* [WORK INSTRUCTIONS]:
If an entry below holds a picture, skip the picture and copy everything else exactly.

* [GIVEN RECORDS]:
%%

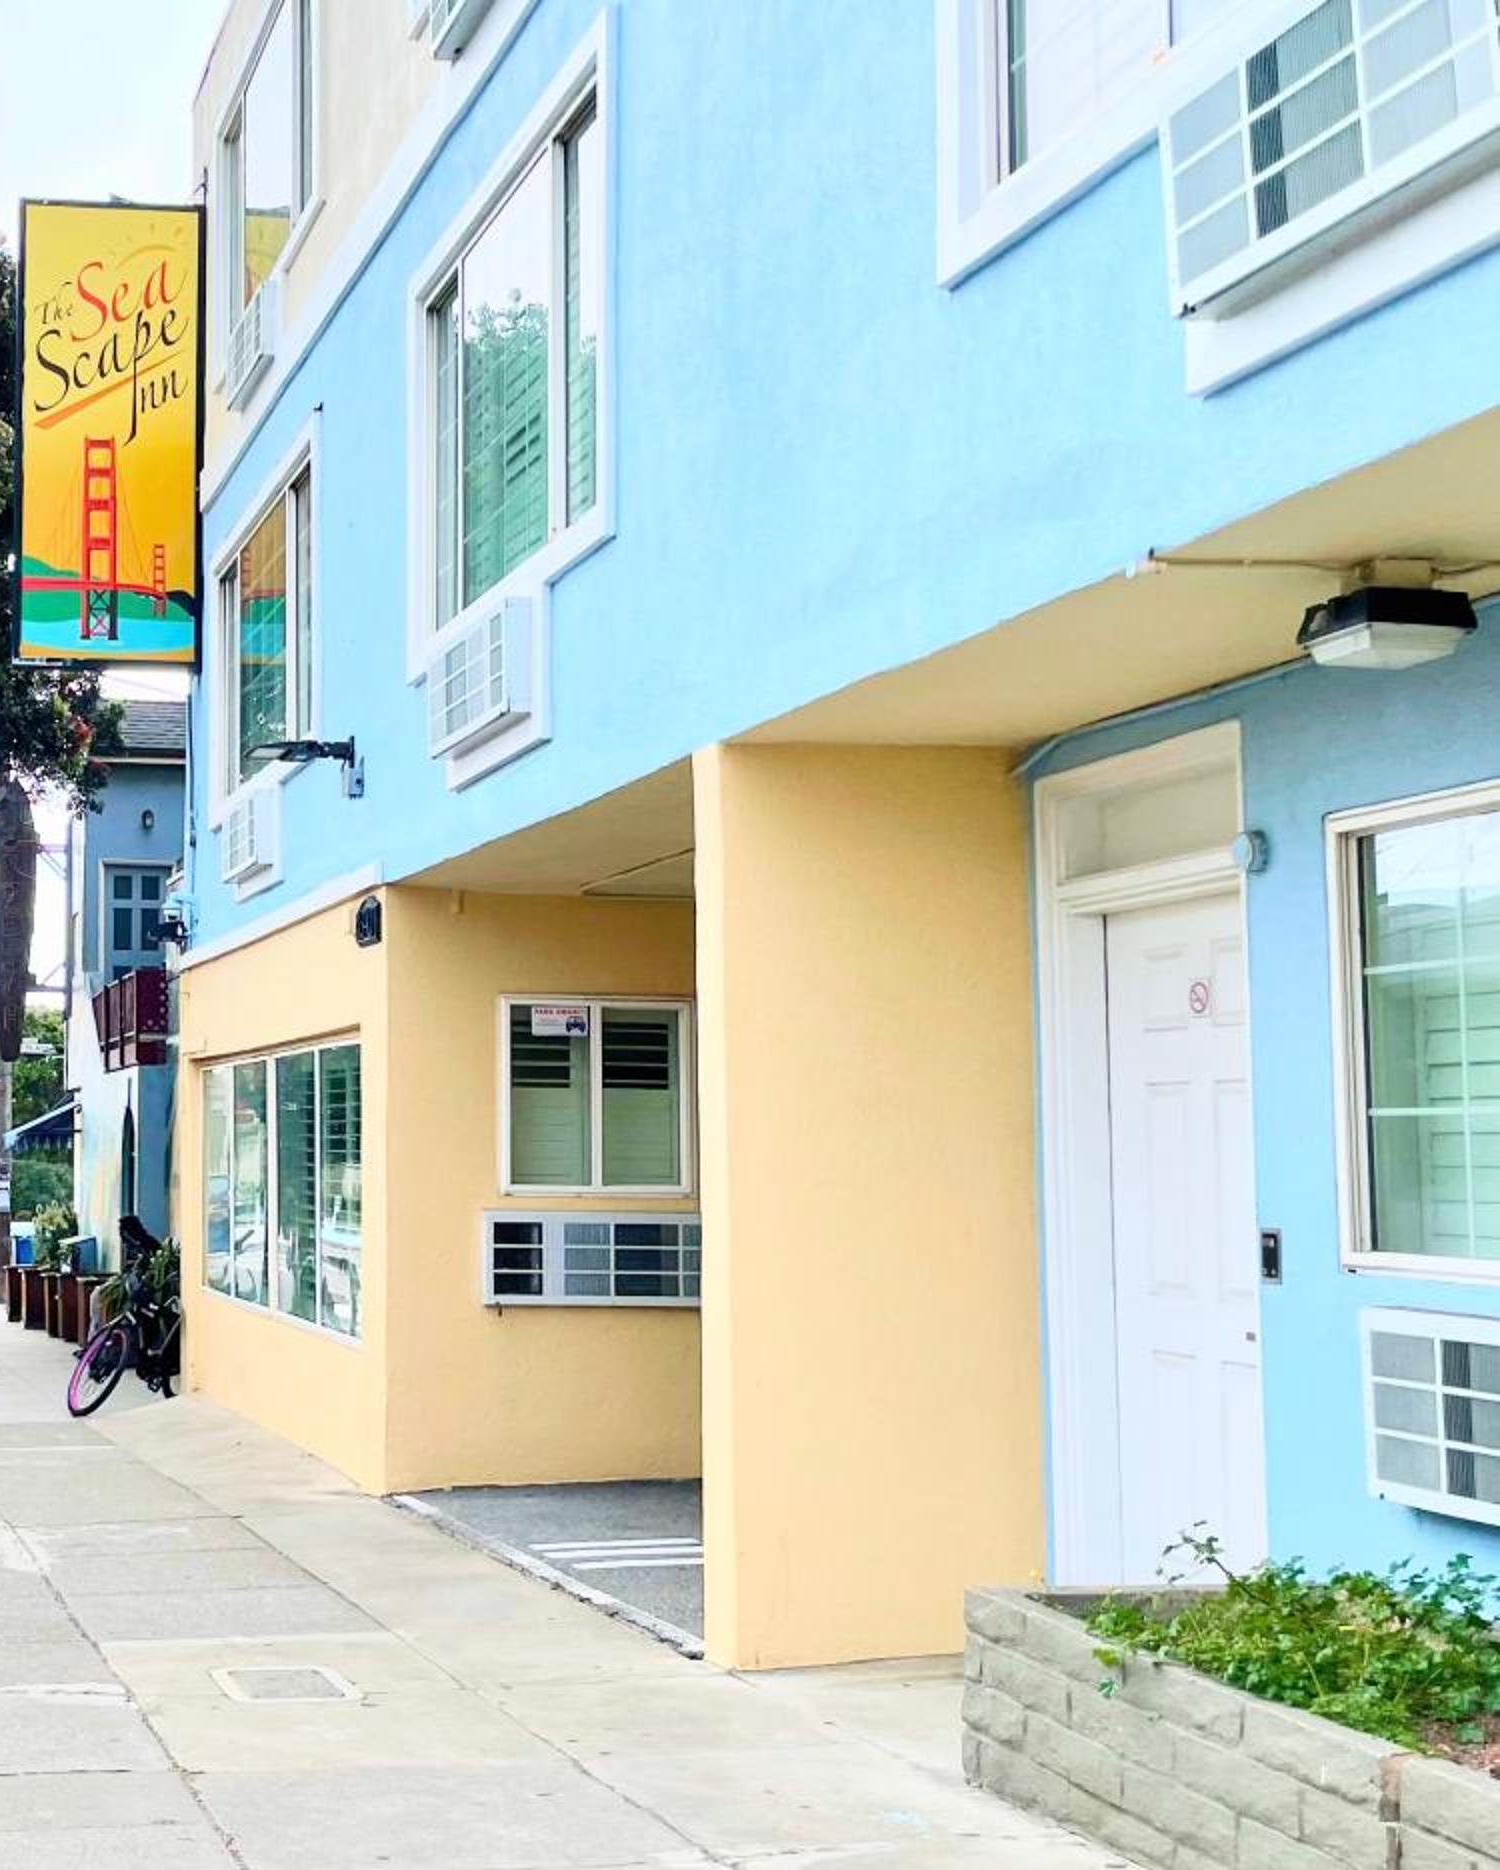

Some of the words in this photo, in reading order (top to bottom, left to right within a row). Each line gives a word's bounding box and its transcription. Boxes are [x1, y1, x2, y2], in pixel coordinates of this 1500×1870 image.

[34, 281, 73, 325] The
[70, 261, 188, 343] Sea
[34, 309, 190, 413] Scape
[122, 368, 189, 448] Inn
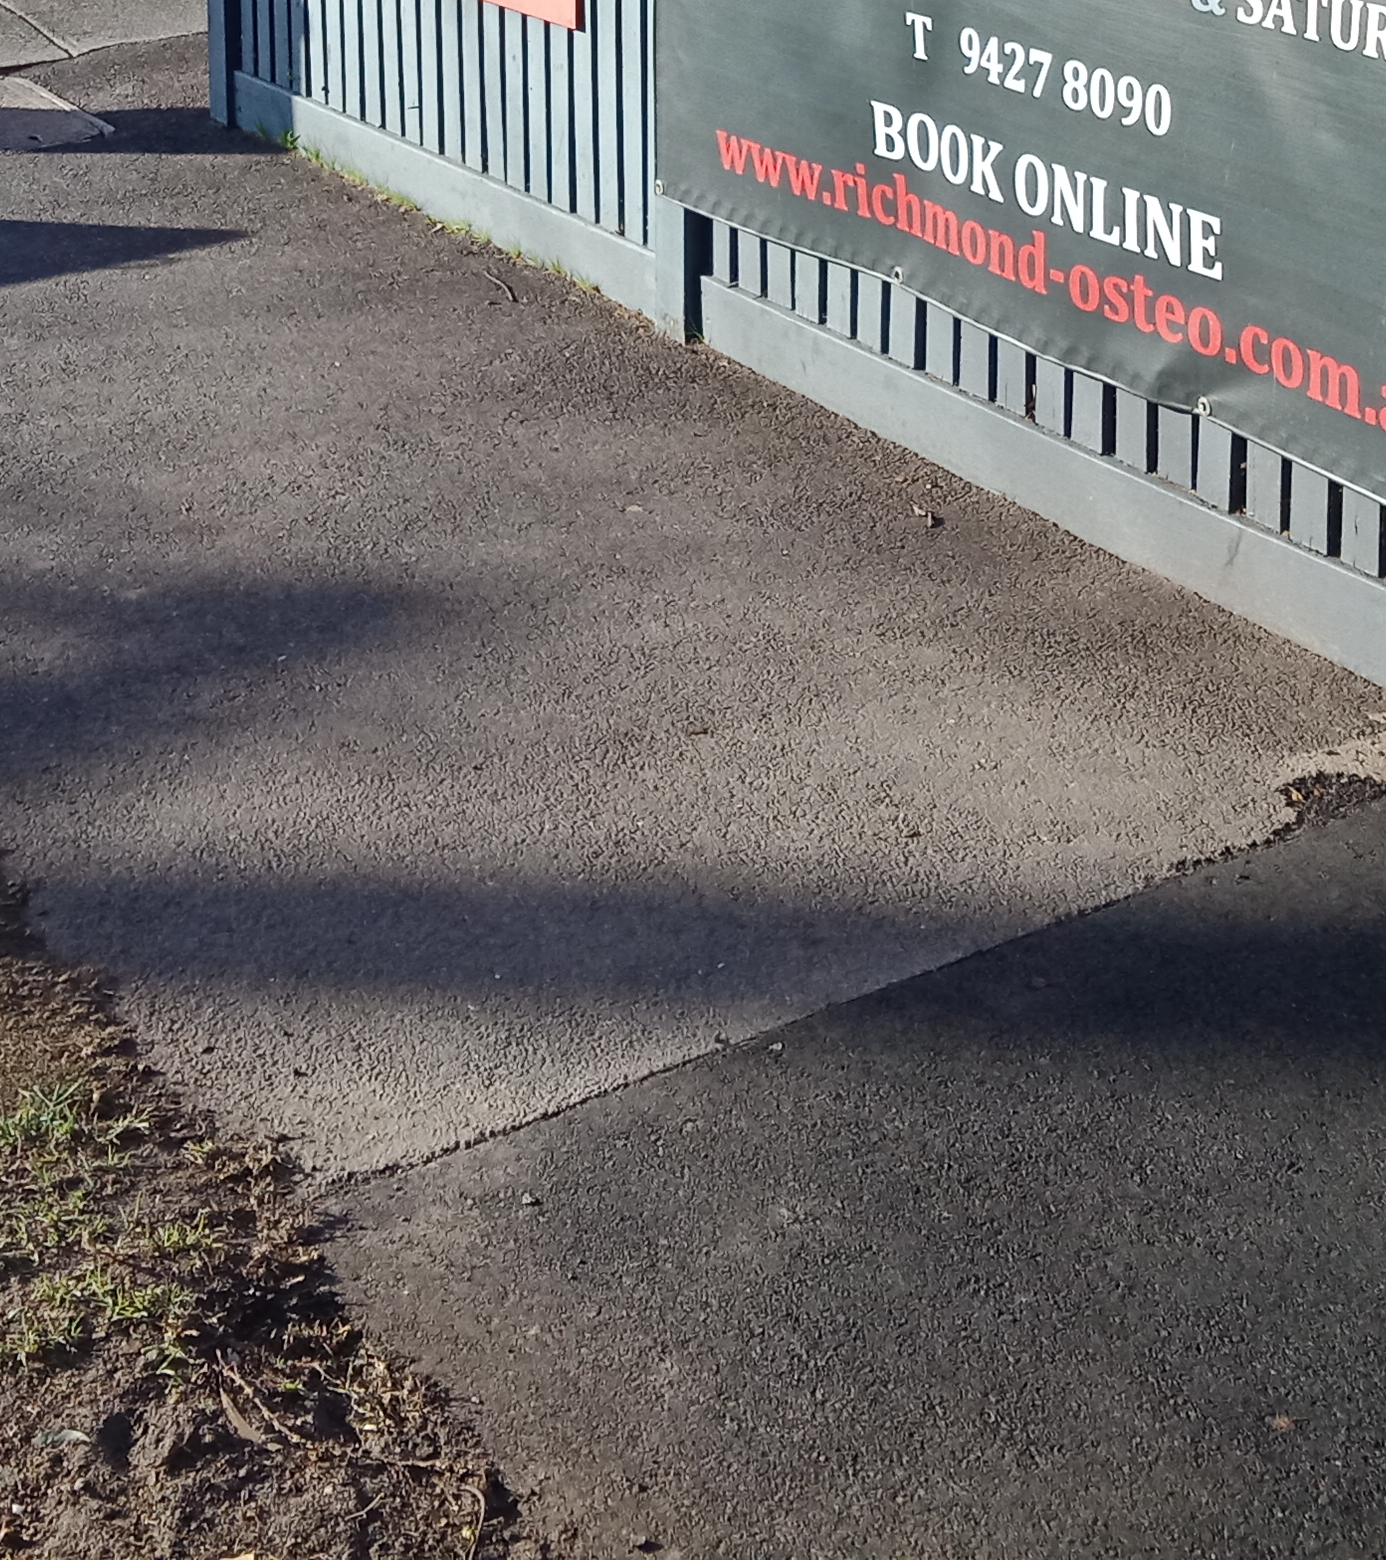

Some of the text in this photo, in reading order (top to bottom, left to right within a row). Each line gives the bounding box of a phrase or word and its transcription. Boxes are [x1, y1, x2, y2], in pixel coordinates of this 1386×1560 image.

[905, 11, 1173, 137] T 9427 8090
[870, 98, 1225, 282] BOOK ONLINE

%%

* [SOLVED PROBLEM]:
Some of the words in this photo, in reading order (top to bottom, left to right within a row). Each line gives a word's bounding box and its transcription. Boxes are [x1, y1, x2, y2], in pixel coordinates of this 1500×1870 image.

[34, 281, 73, 325] The
[70, 261, 188, 343] Sea
[34, 309, 190, 413] Scape
[122, 368, 189, 448] Inn

Some of the text in this photo, in reading order (top to bottom, left to right within a row). Each line gives the bounding box of a phrase or word and its transcription. Boxes are [x1, y1, x2, y2], in pixel coordinates of this 1386×1560 image.

[905, 11, 1173, 137] T 9427 8090
[870, 98, 1225, 282] BOOK ONLINE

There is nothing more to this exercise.